AUDIO: Carolyn Whitzman - A collaborative partnership approach to affordable housing in Vancouver, Toronto, Portland, and Melbourne  

Issues which the lecture addresses
Our comparative focus is four mid-tier global cities within three neo-liberal countries that rely primarily on the private sector for their housing stock: Canada, the US and Australia. All four cities – Vancouver, Toronto, Portland, and Melbourne – are thriving economically, yet have poor housing affordability outcomes, including an increasing number of low and moderate income households who cannot afford rents or mortgage repayments.
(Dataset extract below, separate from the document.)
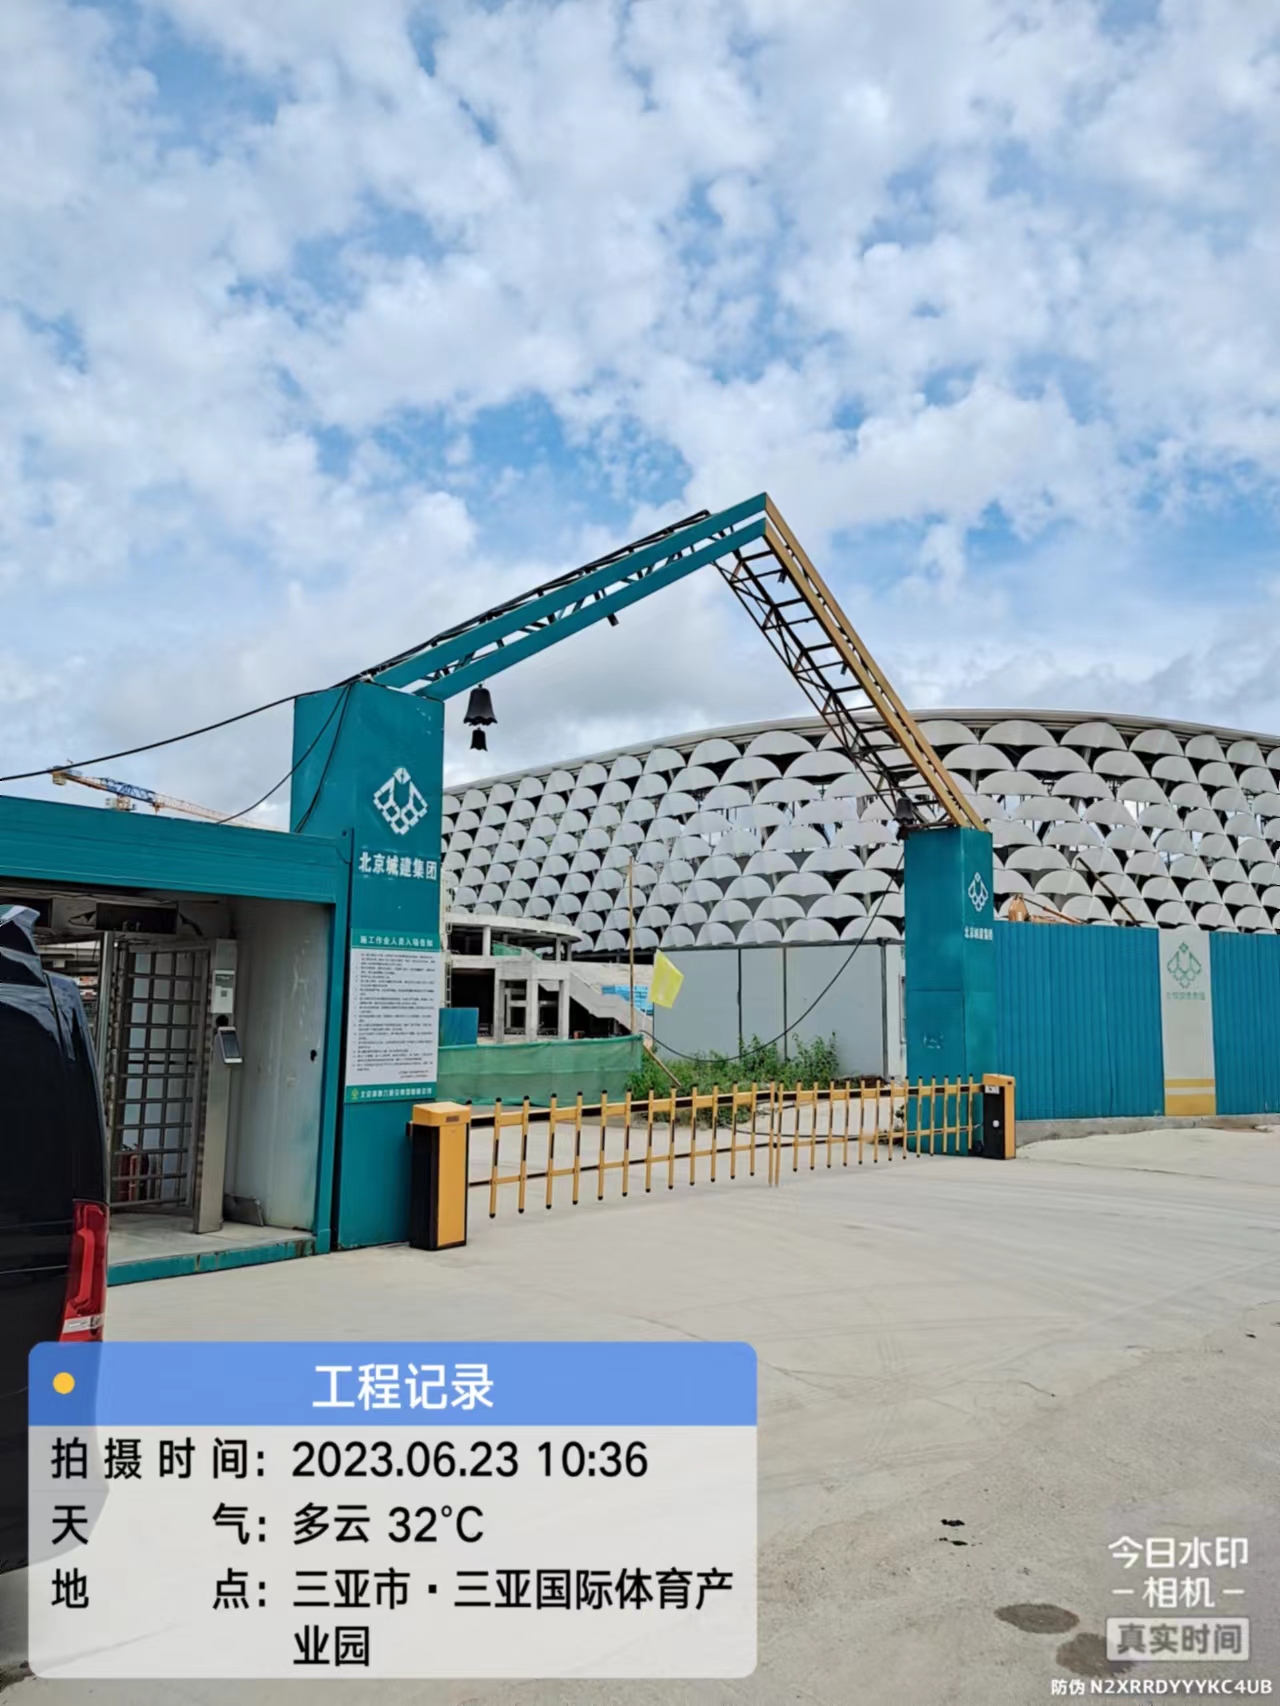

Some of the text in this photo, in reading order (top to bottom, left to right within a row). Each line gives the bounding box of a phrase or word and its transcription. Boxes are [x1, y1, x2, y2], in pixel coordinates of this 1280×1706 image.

[359, 851, 437, 881] 北京城建集团
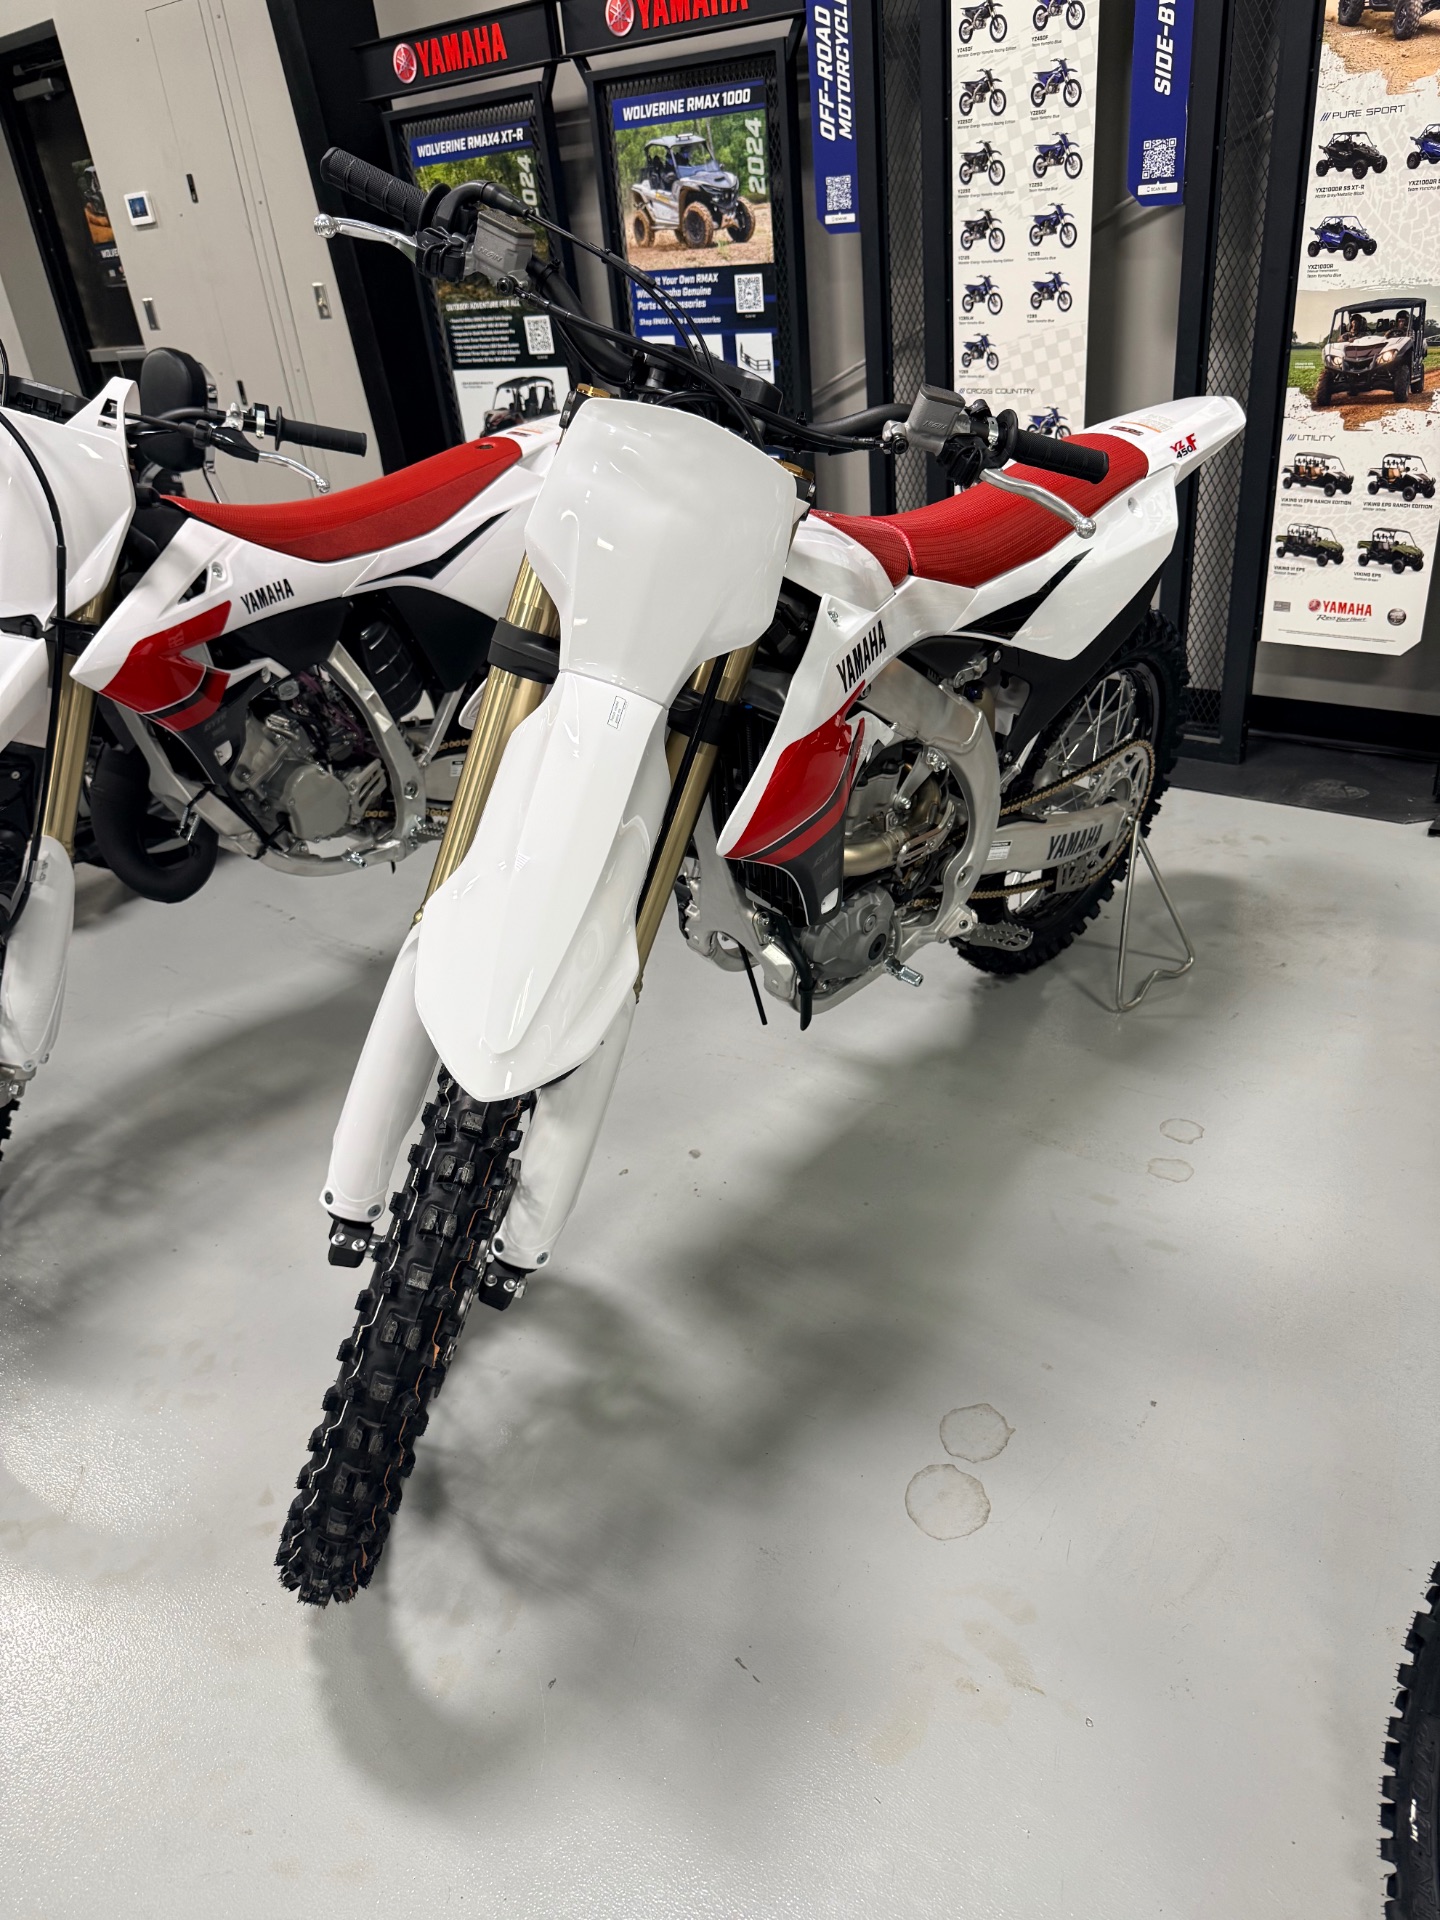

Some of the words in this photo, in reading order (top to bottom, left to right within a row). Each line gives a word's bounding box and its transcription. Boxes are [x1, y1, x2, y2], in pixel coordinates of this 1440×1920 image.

Short analysis of the above issues
Recent deliberative planning theory has developed the idea that partnerships between governments, the private sector, and community advocates are the best way to create innovative solutions to ‘wicked’ policy problems, such as affordable housing. The worst case scenario, however, is that these partnerships are merely a new version of urban growth machines: collusion between governments and private developers in which the basic right of citizens to shelter is ignored.

Propositions for addressing the issue
In each of the four cities, seven to eight key housing actors have been interviewed and housing affordability policy and practices tracked through a desktop search. We compare recent partnerships for affordable housing, and perceived benefits of a partnership approach to affordable housing. This sense of common purpose and slowly growing inter-personal trust may not be a fundamental challenge to the urban growth machine. But in all four cities, deliberative planning is generating both the immediate actions and long-term mechanisms that may improve the lives of low and moderate income households, a worthwhile goal for any initiative.


Carolyn Whitzman is a Professor in Urban Planning at the University of Melbourne. She is the author, co-author, or lead editor of five books, including: Melbourne: What Next? A Discussion on Creating a Better Future (2014) and Building Inclusive Cities: Women’s Safety and the Right to the City (2013). She has published over 50 peer-reviewed scholarly publications on partnerships for social justice in the city, and frequently provides policy advice to local, state and national government and to the UN.